Saudações a todos, sem qualquer distinção hierárquica, por uma simples questão de respeito à nossa condição humana, que nos impõe a necessidade de vivermos em sociedade, sujeitos a direitos individuais inalienáveis – direitos que nos permitem ser quem somos. 

Saudações a esse todo que somos (cada um com suas particularidades), nessa nossa tribo da “Saúde Mental” – mais um dos segmentos desse “Mundo de Compartimentos” que vivemos.

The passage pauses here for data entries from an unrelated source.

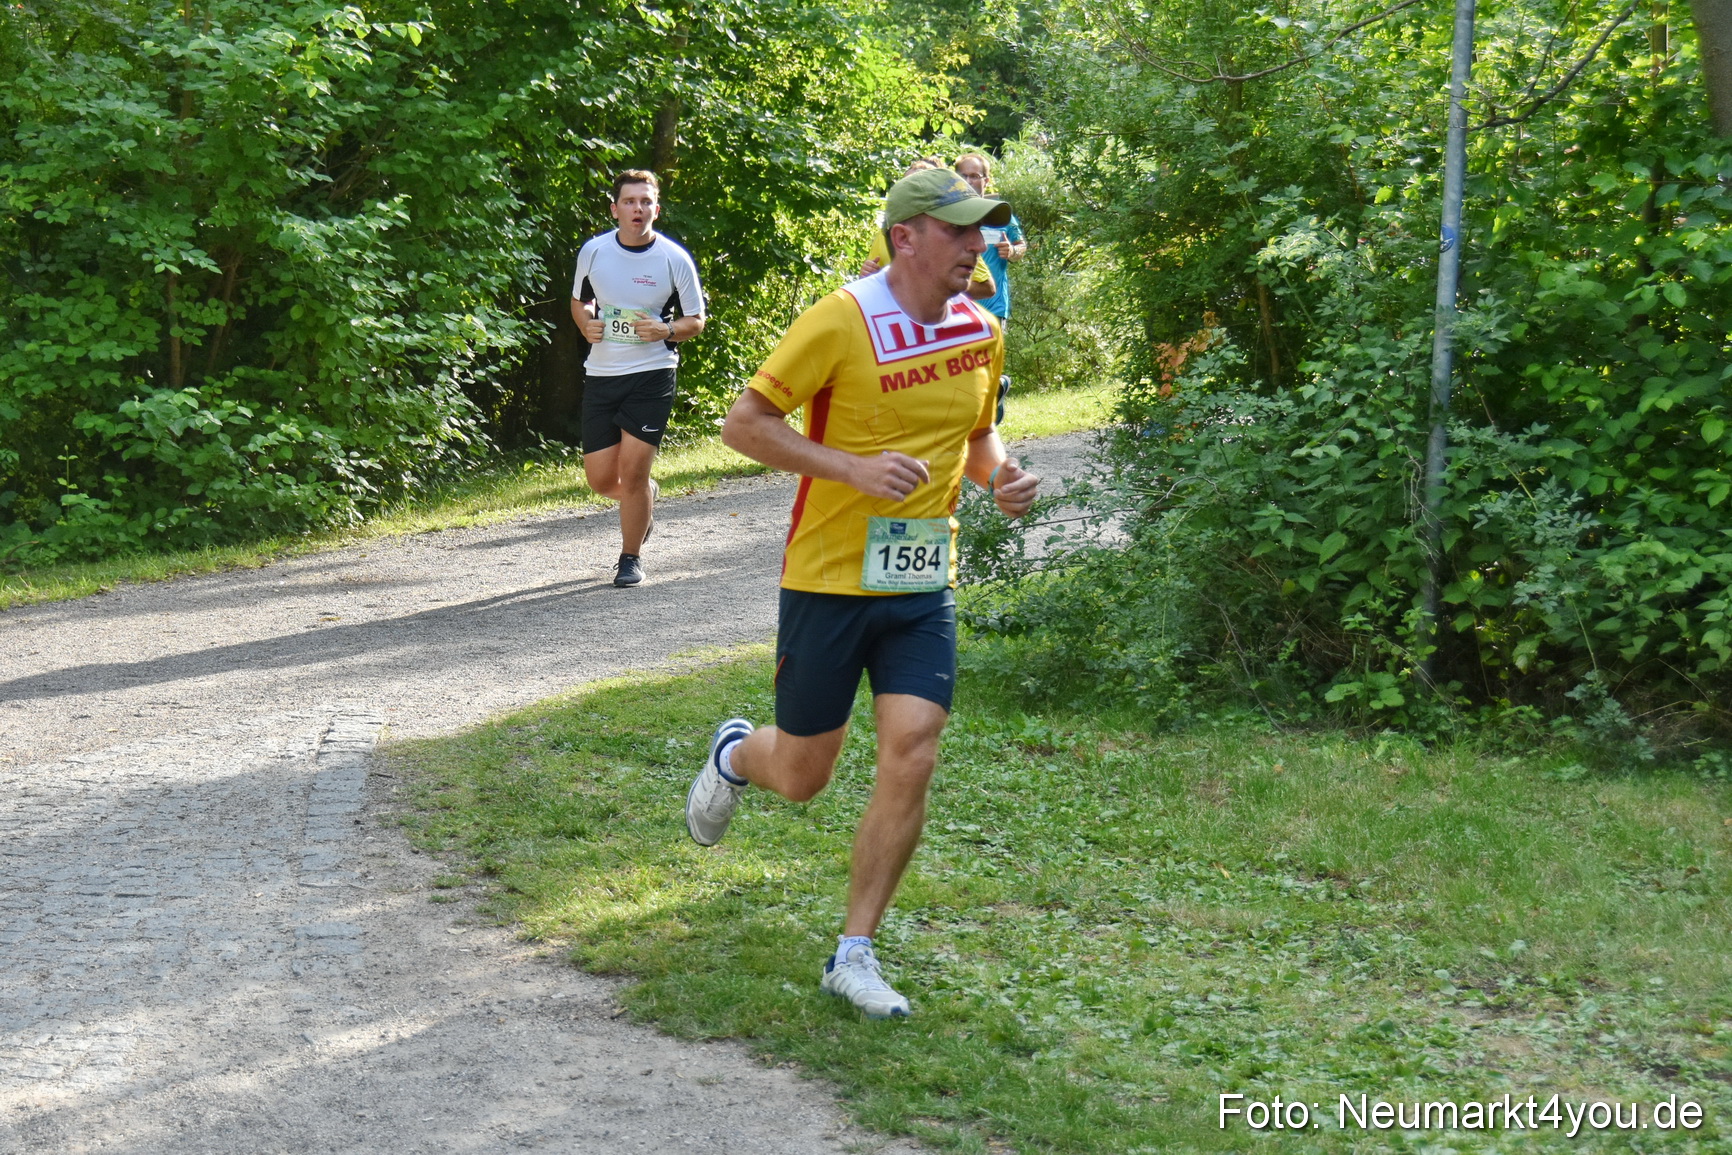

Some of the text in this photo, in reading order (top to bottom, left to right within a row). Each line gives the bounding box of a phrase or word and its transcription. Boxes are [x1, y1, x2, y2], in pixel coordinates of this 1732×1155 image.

[880, 363, 941, 393] MAX
[878, 544, 941, 571] 1584
[908, 572, 933, 580] Thomas
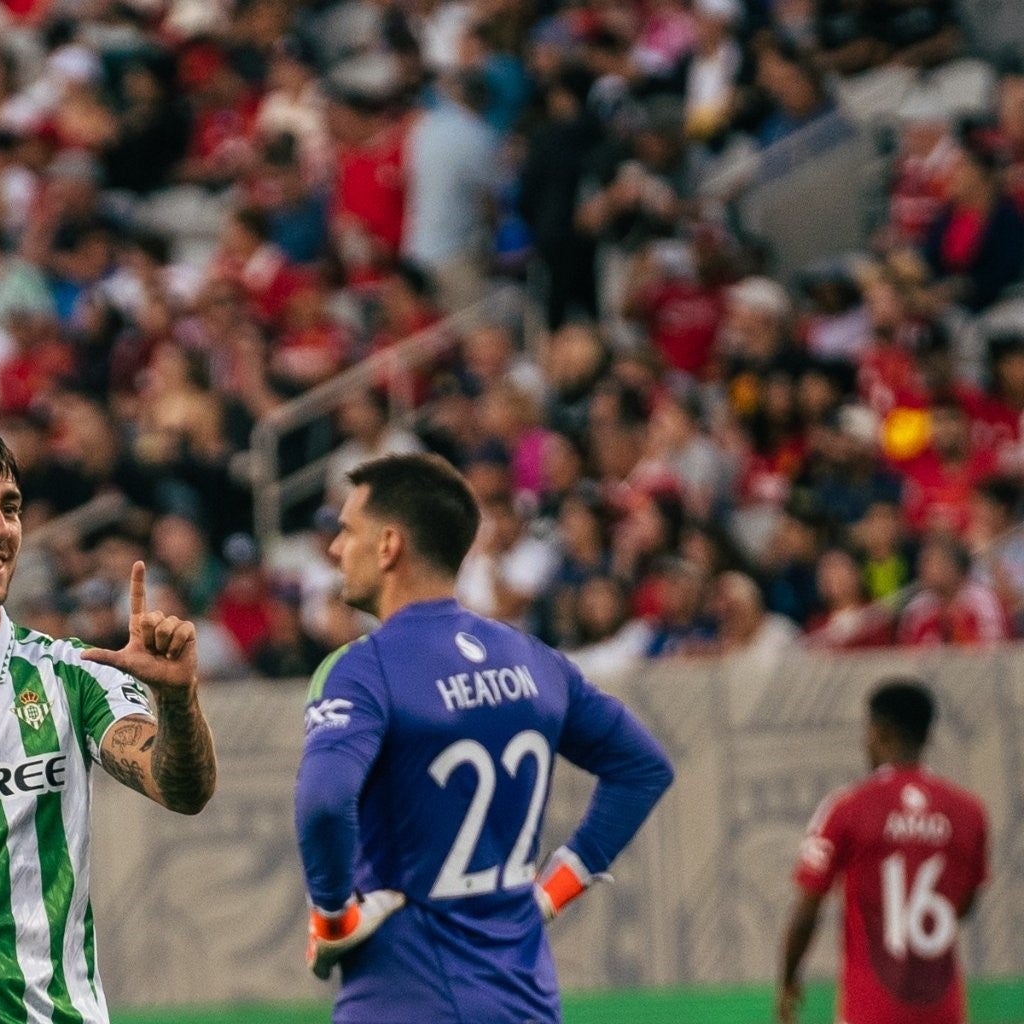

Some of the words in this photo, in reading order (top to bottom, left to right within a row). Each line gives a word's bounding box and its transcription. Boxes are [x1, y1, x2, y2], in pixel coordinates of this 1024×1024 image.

[436, 664, 539, 712] HEATON
[427, 729, 551, 898] 22
[881, 853, 955, 957] 16
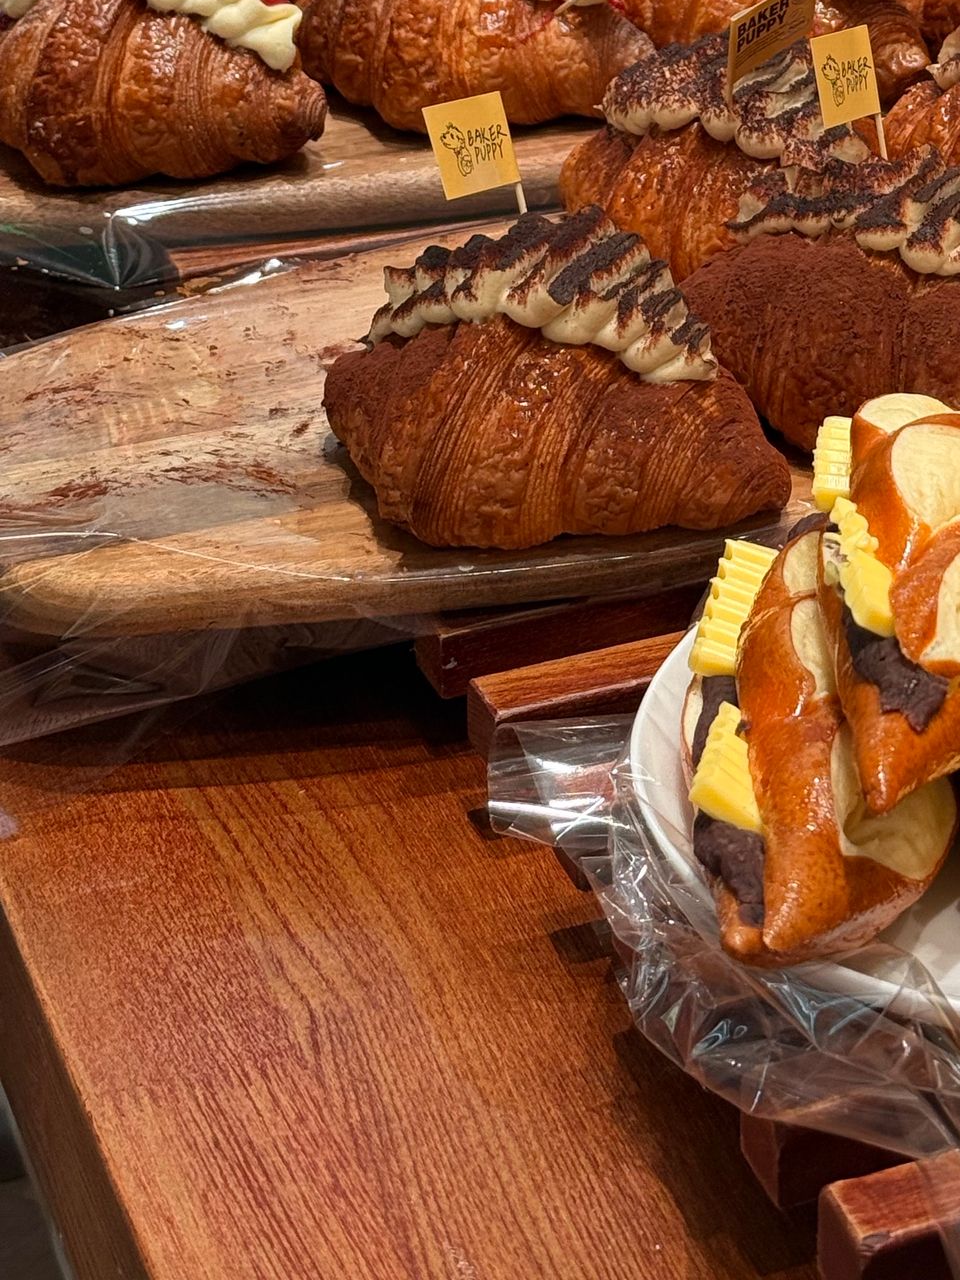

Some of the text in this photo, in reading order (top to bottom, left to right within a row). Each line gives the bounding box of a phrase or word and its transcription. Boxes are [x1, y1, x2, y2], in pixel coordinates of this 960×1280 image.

Aqui, venho começar pelo fundamental: - dissecar definições a respeito da LOUCURA, do TRANSTORNO MENTAL ou SOFRIMENTO PSÍQUICO. Busco entender quem é o LOUCO ou quem chamam de PORTADOR DE TRANSTORNO MENTAL, ou ainda quem seja identificado como “SUJEITO PSIQUICAMENTE SOFREDOR”. 

Porque esse espectro denominado vulgarmente de “loucura” é a perda da razão e também a confusão de sentidos, onde personagens perdem-se nos significados que emprestam a si mesmos; é o que se vê nos olhos que vagueiam a esmo; nas vozes da figuras imaginárias que ditam ordens e sugestionam sonhos; nos atos repetitivos das manias e o foco fixo nas obsessões; é o que se nota no furor das tragadas em bagas catadas no chão; na freqüente falta de coordenação motora ligada ao trauma provocado por determinadas repressões, como também, as convulsões geradas por lesões cerebrais; são as agressões violentas dos alcóolicos e seus “delirium tremens”; a saliva que teima em escorrer pela boca afora, habitual em perversões sexuais; é aquela fala que não diz coisa com coisa; e tanto mais que dói; que fere e maltrata; que incomoda, e até proporciona a delícia de doces delírios; são os melindres de quem foge e se esconde onde pode, muitas vezes, na merda, na miséria. Pois, se bem investigarmos, perceberemos quem carrega esse estigma de “louco”: - é o pobre – aquele que nada possui – o excluído do mercado de “produção&consumo” – quem está “atolado na merda”. O rico, quando é tocado pelo transtorno mental, submete-se aos cuidados particulares ou recorre ao self service farmacêutico das drogas legalizadas, munido de receita ou não, como ainda pode refugiar-se no submundo dos narcóticos.

Aquele que enlouquece, seja quem for, é alguém que merece ser cuidado. Todos nós, se não nos cuidarmos, poderemos passar por tais situações, mencionadas acima. São esses, alguns dos sintomas que definem o SOFRIMENTO MENTAL ? 

Então, a idéia clara na propagada “Reforma Psiquiátrica” é a “Prática do Cuidado”.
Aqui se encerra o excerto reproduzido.